Caixa-dois para o PT
A edição 2155 da revista VEJA, datada de 10 de março de 2010, revela que o Ministério Público do Estado de São Paulo por autorização da justiça, teria tido acesso a mais de 8.000 páginas de registros de transações bancárias realizadas pela Bancoop entre 2001 e 2008. Segundo a publicação, em 2002 empreiteiros que prestavam serviços a Bancoop teriam que emitir notas frias em favor da Bancoop, por sua vez os diretores das empreiteiras descontavam os cheques, recebidos como pagamento pelos serviços inexistentes, e repassavam os valores ao técnico em edificações Hélio Malheiro, este depositava o dinheiro em uma agência de um grande banco, o na época presidente da entidade Luiz Malheiro mandava sacar o dinheiro, Luiz então entregava o dinheiro ao na época sindicalista João Vaccari Neto. O dinheiro desviado seria usado para fomentar o caixa dois da campanha de Lula em 2002.

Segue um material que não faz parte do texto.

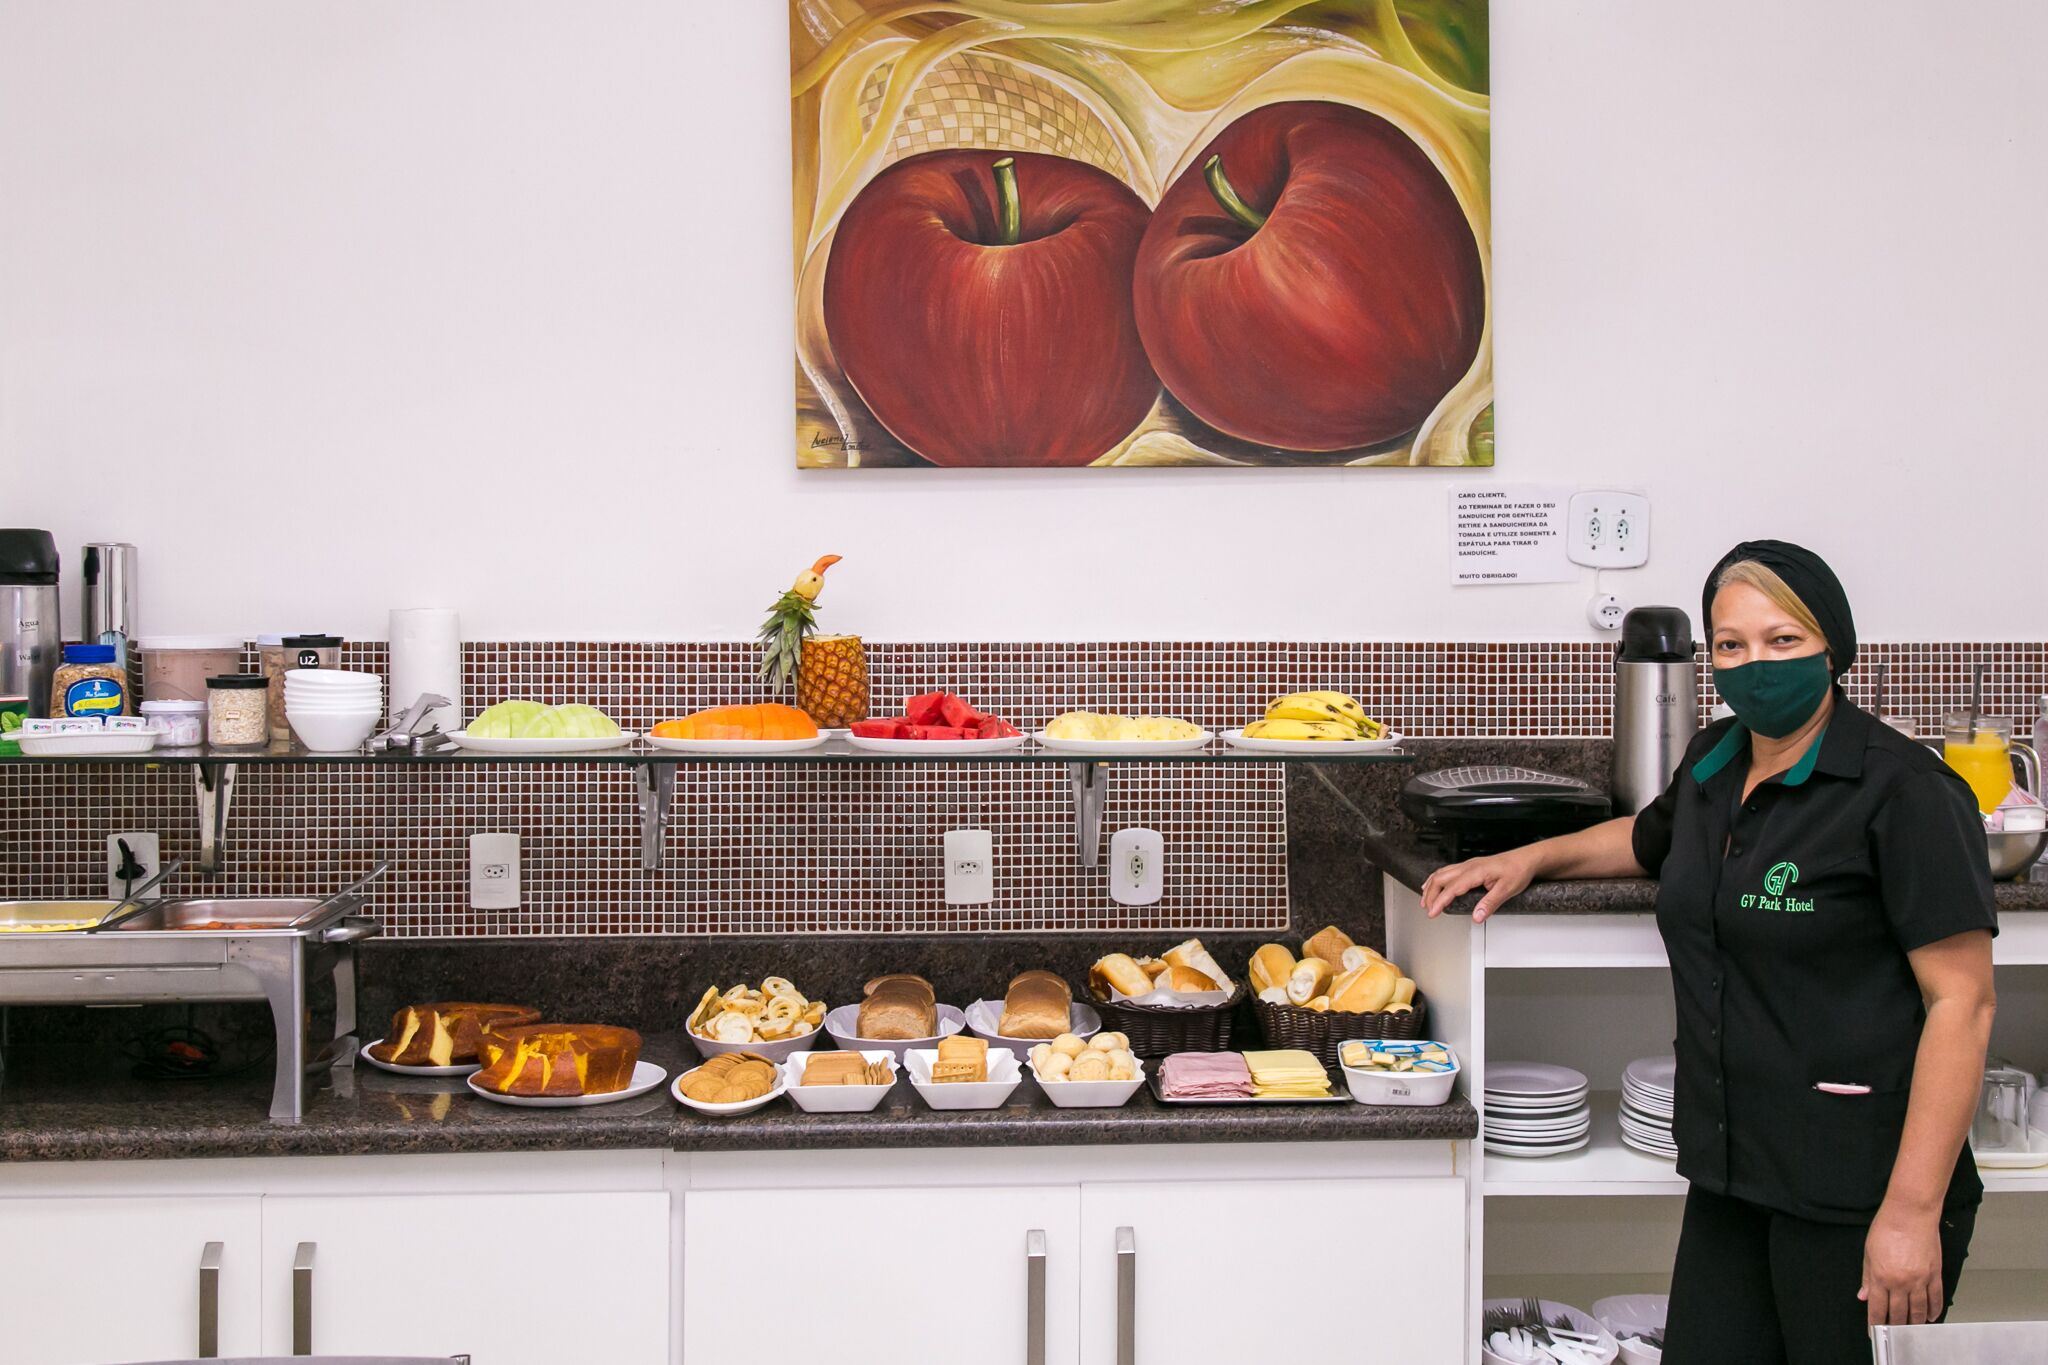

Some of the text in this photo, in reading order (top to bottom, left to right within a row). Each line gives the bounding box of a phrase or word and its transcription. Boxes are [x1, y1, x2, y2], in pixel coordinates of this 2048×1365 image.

[1656, 694, 1676, 703] Café
[1740, 894, 1814, 912] GV Park Hotel

Superfaturamento e favorecimento dos diretores
Segundo a publicação, em uma pequena amostragem de extratos bancários da cooperativa foi constatado que foram feitos saques em dinheiro no valor de 31 milhões de reais através de cheques emitidos pela própria Bancoop, que tinham como destinatário ela mesma, ou o seu banco. O uso de cheques nesse tipo de transação é comumente usado para esconder o destino do dinheiro. Em outros cheques encontrados que somavam o valor de 10 milhões de reais feitos entre os anos de 2003 e 2005 tiveram como destino quatro dirigentes da cooperativa, o ex-presidente Luiz Eduardo Malheiro e os ex-diretores Alessandro Robson Bernardino, Marcelo Rinaldo e Tomas Edson Botelho Frag, os três primeiros mortos em um acidente de carro. Os quatro eram donos da Germany Empreiteira, que tinha como único cliente conhecido a cooperativa.
Lesados pela Bancoop
Segundo o advogado Valter Picazio Júnior, cerca de 8.500 famílias sofreram prejuízos devido a Bancoop, nesse total de famílias lesadas cerca de 3.000 famílias nem chegaram a receber os imóveis construídos pela entidade. Segundo o próprio, não houve esclarecimentos sobre um fundo no valor de R$ 43 milhões de reais que foi captado junto aos cooperados, nada teria sido construído com esse dinheiro.
No período que a Bancoop funcionou apresentou um déficit de 135 milhões de reais, e 2000 afiliados que tinham pago todo o imóvel, mas ainda não o tinham recebido. No dia 19 de outubro, de 2010, O promotor José Carlos Blat, do Ministério Público do estado de São Paulo, apresenta denúncia à 5ª Vara Criminal, foram denunciados os ex-diretores da cooperativa João Vaccari Neto, Tomas Edson Botelho Fraga, Ana Maria Ernica, Henir de Oliveira, a advogada da Bancoop, Letícia Achur Antonio e a presidente da Germany, Helena Conceição Pereira Lage, nos crimes de estelionato consumado, tentativa de estelionato, formação de quadrilha ou bando e falsidade ideológica, com agravante em relação aos ex-diretores estes também sendo processado por lavagem dinheiro. No dia 28 de outubro, de 2010, a juíza Patrícia Inigo Funes e Silva, da 5ª Vara Criminal de São Paulo, aceita a denúncia feita pelo promotor José Carlos Blat tornando os antes denunciados em réus. Além disso a juíza determinou a quebra de sigilo bancário e fiscal de Vaccari e de Ana Maria.